> _EXERCISE INSTRUCTIONS_: Without including any images, repeat the listing below exactly.

> _SOURCE MATERIAL_:
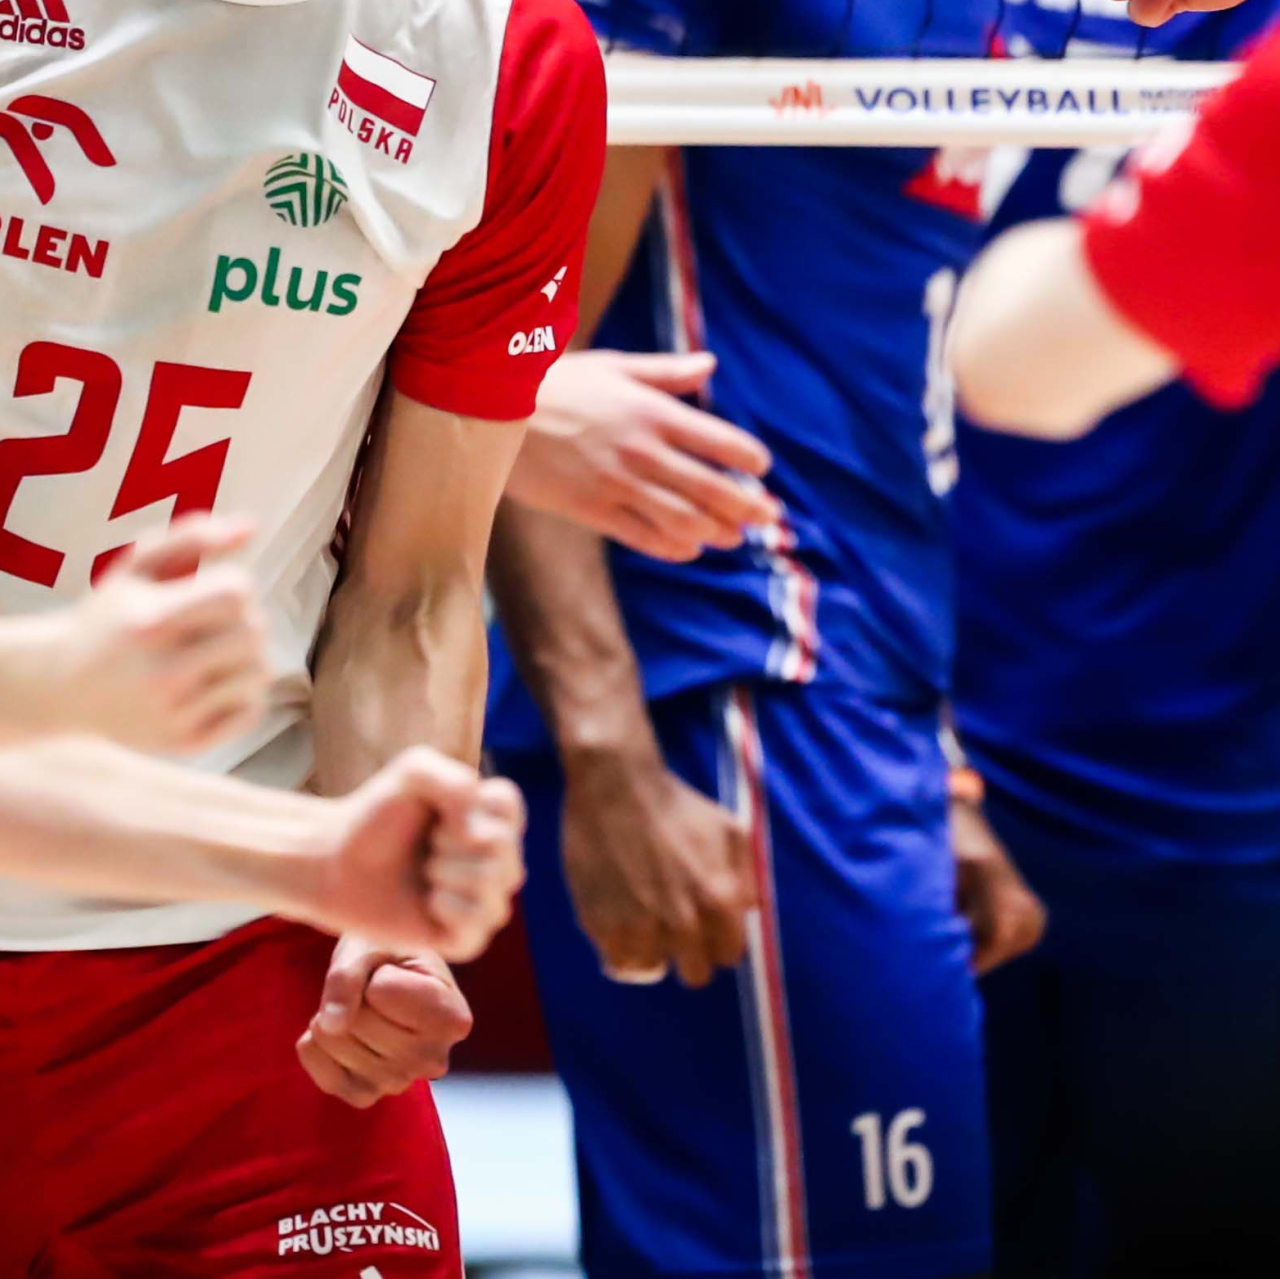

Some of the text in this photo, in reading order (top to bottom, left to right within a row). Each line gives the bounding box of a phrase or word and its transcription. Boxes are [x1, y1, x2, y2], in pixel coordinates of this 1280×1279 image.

[327, 86, 414, 165] POLSKA
[854, 87, 1131, 115] VOLLEYBALL
[208, 246, 363, 316] plus
[851, 1107, 933, 1210] 16
[278, 1201, 385, 1235] BLACHY
[278, 1222, 440, 1256] PRUSZYŃSKI
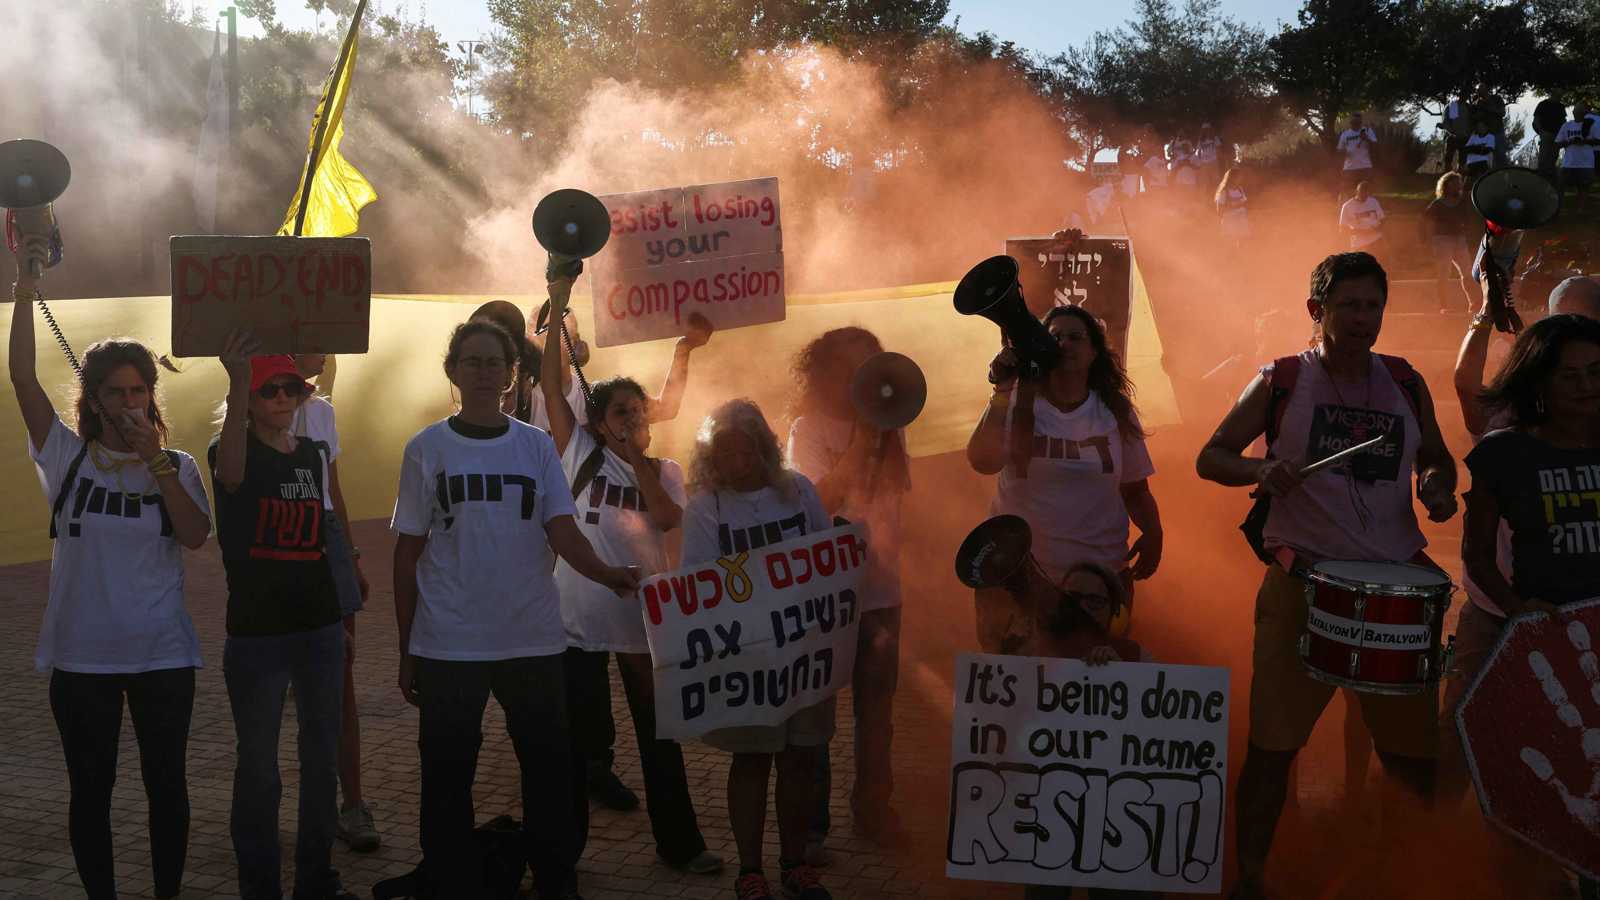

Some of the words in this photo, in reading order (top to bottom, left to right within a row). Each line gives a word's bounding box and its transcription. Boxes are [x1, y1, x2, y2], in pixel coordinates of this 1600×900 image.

[610, 199, 678, 236] esist
[694, 195, 776, 226] losing
[646, 230, 730, 265] your
[177, 250, 287, 305] DEAD
[608, 267, 780, 325] compassion
[1319, 434, 1398, 458] HOSAGE
[1538, 467, 1572, 493] הם
[256, 498, 321, 548] כשיו
[643, 551, 753, 625] עכשיו
[766, 534, 860, 590] הסכם
[680, 620, 742, 669] את
[771, 589, 857, 648] השיבו
[681, 648, 833, 721] החטופים
[964, 662, 1017, 708] It's
[1036, 664, 1129, 721] being
[1141, 671, 1224, 723] done
[969, 717, 1007, 754] in
[1028, 728, 1108, 759] our
[1121, 733, 1224, 770] name.
[947, 761, 1224, 884] RESIST!

> _SOLUTION TO THIS PROBLEM_:
Some of the text in this photo, in reading order (top to bottom, left to right within a row). Each line gives the bounding box of a phrase or word and its transcription. Boxes are [x1, y1, x2, y2], in pixel coordinates of this 1280×1279 image.

[327, 86, 414, 165] POLSKA
[854, 87, 1131, 115] VOLLEYBALL
[208, 246, 363, 316] plus
[851, 1107, 933, 1210] 16
[278, 1201, 385, 1235] BLACHY
[278, 1222, 440, 1256] PRUSZYŃSKI

Some of the words in this photo, in reading order (top to bottom, left to right within a row). Each line gives a word's bounding box and its transcription. Boxes are [x1, y1, x2, y2], in pixel coordinates of this 1600×900 image.

[610, 199, 678, 236] esist
[694, 195, 776, 226] losing
[646, 230, 730, 265] your
[177, 250, 287, 305] DEAD
[608, 267, 780, 325] compassion
[1319, 434, 1398, 458] HOSAGE
[1538, 467, 1572, 493] הם
[256, 498, 321, 548] כשיו
[643, 551, 753, 625] עכשיו
[766, 534, 860, 590] הסכם
[680, 620, 742, 669] את
[771, 589, 857, 648] השיבו
[681, 648, 833, 721] החטופים
[964, 662, 1017, 708] It's
[1036, 664, 1129, 721] being
[1141, 671, 1224, 723] done
[969, 717, 1007, 754] in
[1028, 728, 1108, 759] our
[1121, 733, 1224, 770] name.
[947, 761, 1224, 884] RESIST!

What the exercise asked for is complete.